The Sydney Morning Herald/March 24, 2008

Among the fairy floss and fun rides at this year's Royal Easter Show, one of the most popular attractions is the Common Ground cafe, a wholefood outlet that specialises in organic breads and barramundi burgers.

The show's website touts the cafe's "unique flavours and energy", calling it "a must for every showgoer".

But the Common Ground cafe is one of several businesses owned and operated by the Community Apostolic Order, also known as the Twelve Tribes, a messianic Christian sect accused by former members of harsh child discipline which in some cases could amount to child abuse, family break-up and thought control.

"The Twelve Tribes is a destructive cult that tears families apart," said a former member, Matthew Klein. "They're using the Easter Show to recruit new members and hand out their pamphlets."

Founded in 1971 in Tennessee by a former carnival barker called Elbert Eugene Spriggs, the 3000-strong group has been embroiled in several high-profile scandals overseas. Members in the US were convicted recently of child sex offences and child labour violations.

"This is a secretive group that's causing grief to a lot of people," said David Millikan, a Uniting Church minister and cult expert. "Their whole history is surrounded by untold stories of destruction."

In Australia, former members tell of child beatings and slave-like working conditions. "It's exploitative," says George, a former ex-member who worked at the cafe in 2001. "You're brainwashed, working up to 20 hours a day baking bread and setting up the cafe, and you don't see a cent."

Mr Klein, who helped set up the cafe in 2001, said there was never any "workers' comp, insurance or superannuation paid and it's dangerous work: we were all sleep-deprived and carrying around pieces of steel that weighed up to 500 kilograms, with no proper training and no crane."

The group has 60 members in Australia. Most live on a nine-hectare property at Picton. Members are encouraged to surrender all possessions upon joining. They cannot marry outside the group, and have no access to newspapers, magazines or TV.
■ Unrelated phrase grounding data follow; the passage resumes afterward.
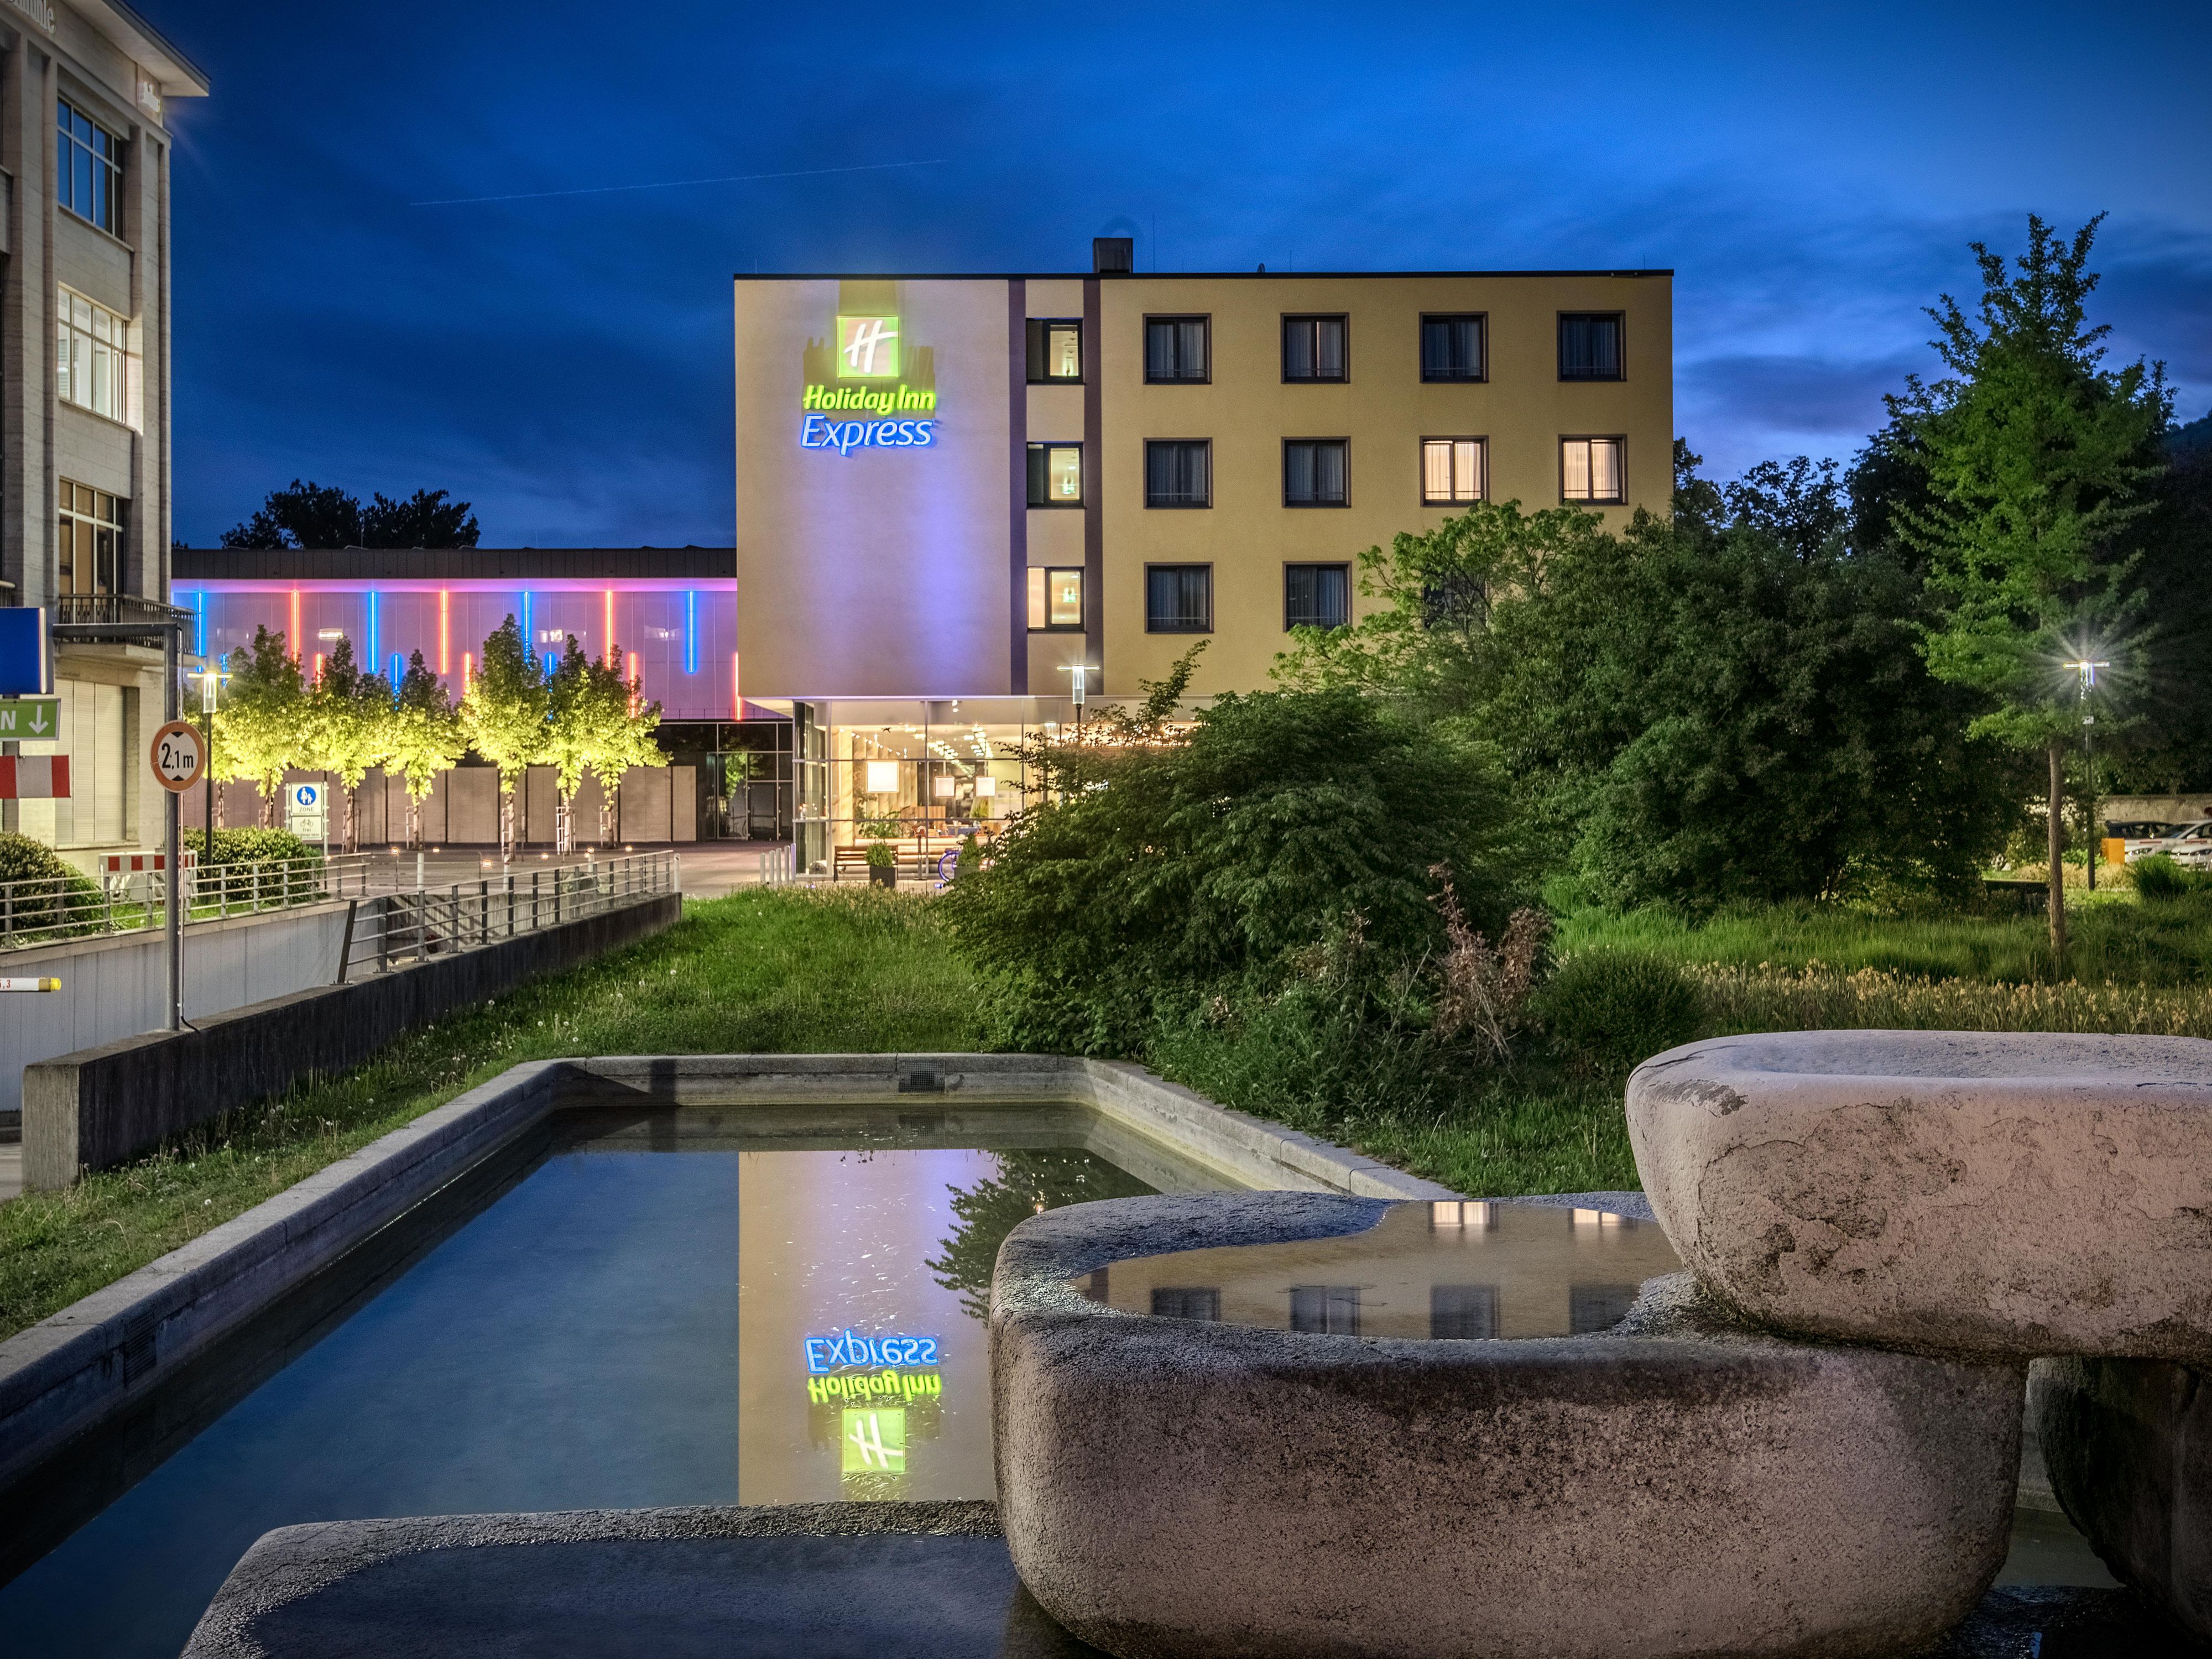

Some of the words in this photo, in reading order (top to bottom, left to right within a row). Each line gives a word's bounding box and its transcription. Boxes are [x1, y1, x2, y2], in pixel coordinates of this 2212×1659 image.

[844, 320, 898, 373] H
[804, 384, 896, 415] Holiday
[896, 384, 936, 410] Inn
[802, 414, 933, 456] Express
[161, 743, 179, 769] 2,1
[183, 755, 194, 768] m
"You're told that if you leave the cult you'll go to hell," Mr Klein said. "If you talk out against them, you get cut off from family members who are still in there. And if you kick up too much of a stink, they just move you to one of their tribes overseas."

Harsh discipline is one of the group's central tenets, as detailed in their 267-page Child Training Manual. Written by Spriggs (aka Yoneq), the manual claims that "the rod is an instrument of love", and that "you must make it hurt enough to produce the desired result".
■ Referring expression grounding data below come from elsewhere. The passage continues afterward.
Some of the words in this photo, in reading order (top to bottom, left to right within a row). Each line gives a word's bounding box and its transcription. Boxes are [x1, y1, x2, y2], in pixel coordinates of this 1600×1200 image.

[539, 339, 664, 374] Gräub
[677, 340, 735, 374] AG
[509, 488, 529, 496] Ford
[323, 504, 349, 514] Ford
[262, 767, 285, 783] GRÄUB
Beatings are administered with a balloon stick on the bare bottom or hands, which, the manual claims, produces a pain "that goes deep into the child, right to the heart, like electricity".

"The beatings were quite constant," said Michael Curry, who spent a year at the Picton commune.

"When I got out I went to DOCS with my complaints, but they said I needed evidence."

He also raised his concerns with the Royal Easter Show, "asking whether it was appropriate that this group be at such a family friendly event. They just shrugged their shoulders."

The show's chief executive, Michael Collins, said he was not aware of any complaints. "All I know is that the cafe has been here for 10 years and they're one of the most popular outlets. Everyone loves their food."

Peter Baker (aka Nathaniel), an elder of the Twelve Tribes in Picton, defended the group: "We are devoted believers in Jesus Christ, and we use the Old Testament as the blueprint for our lives."